I was a big fan of Carnival's new HUB app when I first tested it aboard the Breeze. It allowed for onboard communication, digitized the daily onboard itineraries and put deck plans and food station opening times at your fingertips. But photos was one no-brainer addition for future updates.
Carnival not only listened, but their tech lab team has improved on the Disney experience with their new fully digital photo selection process. The game changer here that all other cruise lines will emulate: making photos instantly available for purchase on the HUB app on smartphones and on the TV in your cabin.
The Pixels photo gallery is more of a gathering place now, where staffers show you how to upload the app to your phone or use one of the many iPad Pros in the gallery to view and buy your photos. Now, instead of an old-school print wall of fame changed daily, there's a bank of TVs along the deck 5 promenade that display an ever-changing array of digital photos.
Photo by Tim Wood
This attention to evolution is far from the only technological marvel aboard the Vista, but it's by far the most impressive.
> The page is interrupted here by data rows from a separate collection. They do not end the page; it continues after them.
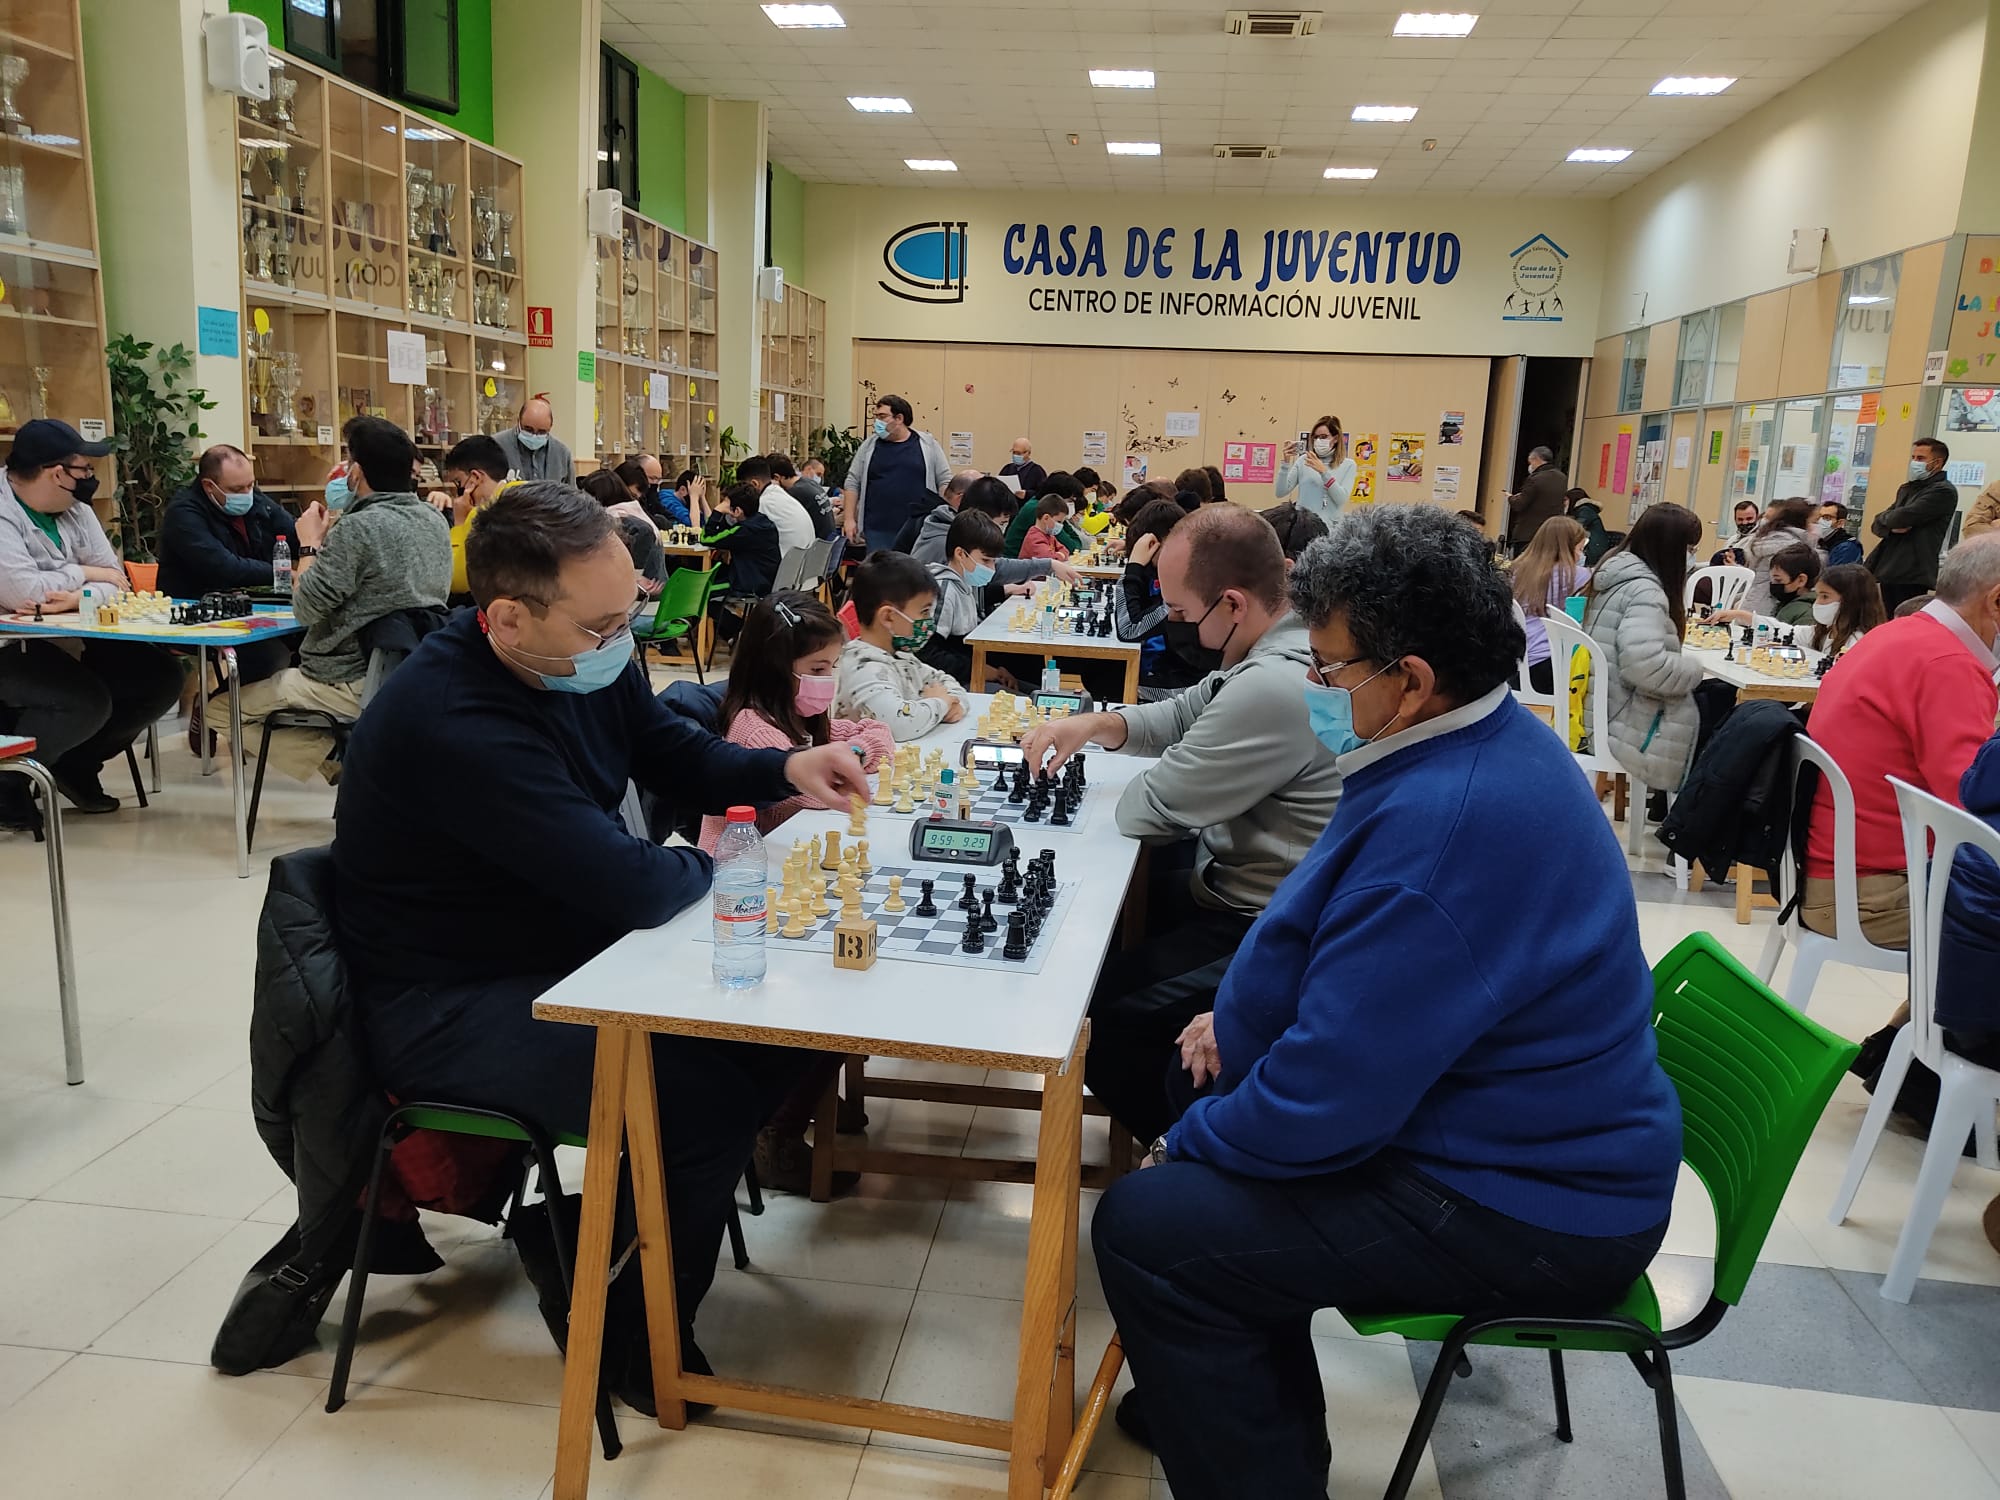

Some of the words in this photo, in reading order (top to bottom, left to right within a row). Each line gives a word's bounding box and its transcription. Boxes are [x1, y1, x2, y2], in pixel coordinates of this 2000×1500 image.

[1003, 223, 1108, 278] CASA
[1123, 226, 1176, 280] DE
[1192, 228, 1243, 281] LA
[1255, 229, 1461, 292] JUVENTUD
[1029, 288, 1117, 313] CENTRO
[1123, 291, 1153, 315] DE
[1160, 290, 1322, 319] INFORMACIÓN
[1328, 295, 1421, 321] JUVENIL
[1957, 293, 1982, 312] LA
Cabin TVs on the Vista are now 32-inch flat screens as opposed to tube TVs half the size that were just barely interactive by allowing passengers aboard other Carnival ships to view their bill.
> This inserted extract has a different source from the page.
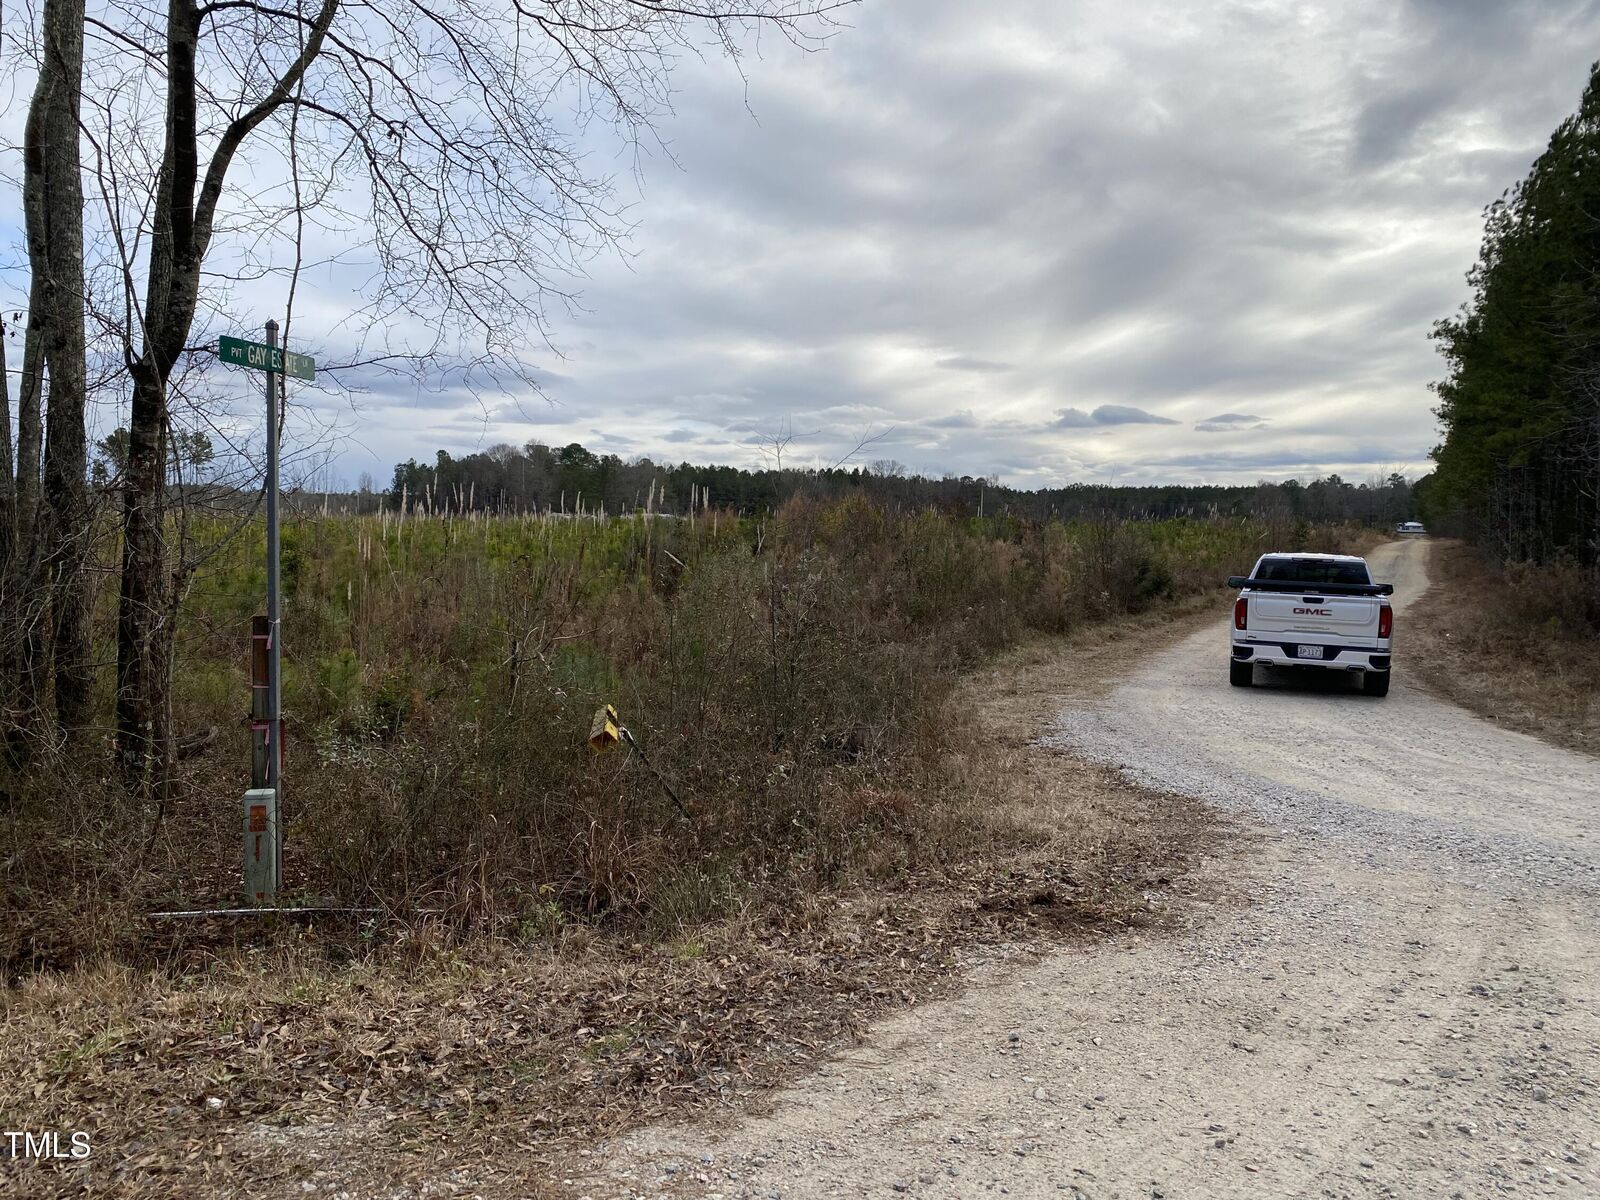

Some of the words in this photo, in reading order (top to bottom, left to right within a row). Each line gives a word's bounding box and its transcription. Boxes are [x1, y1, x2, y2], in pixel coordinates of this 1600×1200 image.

[231, 347, 242, 358] PVT
[247, 345, 267, 366] GAY
[271, 350, 298, 373] ESATE
[1293, 607, 1333, 616] GMC
There are plenty of other Easter eggs in this tech. The HUB app's chat functions have become even easier and the in-cabin HUB TV provides much the same experience, showing a digital version of the ship's Fun Times daily itinerary and now allowing for instant rentals of an impressive array of on-demand movies, from instant classics of the last decade available for free to new releases available for $4.99 each.
The ship's high-speed Internet has greatly improved as well, providing a comparable and at times better experience to the much-hyped Royal Caribbean VOOM service. Skype and FaceTime is now available with premium plans. While streaming of services like Netflix is not yet available, it is now just a matter of a next-step upgrade rather than a pipe dream.
With this impressive baseline operating system, the list of possible upgrades is plentiful. Imagine ordering room service, booking an airport transfer or ordering an Uber car at your next port of call all with the touch of a screen or click of a remote.
There is room for improvement, to be sure. The face recognition software placed photos of an elderly Midwest woman in my queue who I later met while dining and who now allows me to call her Nana.
I am still trying to "reunite" with the turban-wearing family that also landed in my queue.
And while Internet access is plentiful and blazing fast in common areas on the ship, they are still troubleshooting blindspots aboard the ship - like my far-aft cabin where we could only get access by sitting by our cabin door for the first seven days of the cruise. But as promised, the techs found our blindspot and for the final three days, the Wi-Fi was ultra fast in our cabin.
And while I enjoyed the new HUB experiences, I was already wanting shore excursions available for booking on the app. But if I'm judging Carnival on their improvements from the Breeze to the Vista, this is an upgrade that will likely be available aboard the next new Carnival ship to sail in 2018 if not before.
But these are correctable hiccups that don't overshadow the achievements Carnival has on display aboard the Vista. VP of Guest Tech Gabriela Gonzalez and her team are to be congratulated for huge steps forward. While acknowledging the eco-friendliness and potentially huge cost savings of the new tech, Carnival officials could not attach a number to the savings. But just imagine that each double-occupancy-minimum stateroom likely led to at least 10 unpurchased proofs per cruise and the savings could easily be estimated to be seven figures for the cruise line.
The ease of the onboard photo experience is a value add to any vacation purchase. Carnival officials said the technology is only available and being tested on the Vista for now. But after witnessing the results, the green impact and cost savings, I predict will be a fleetwide upgrade within the next 18 months.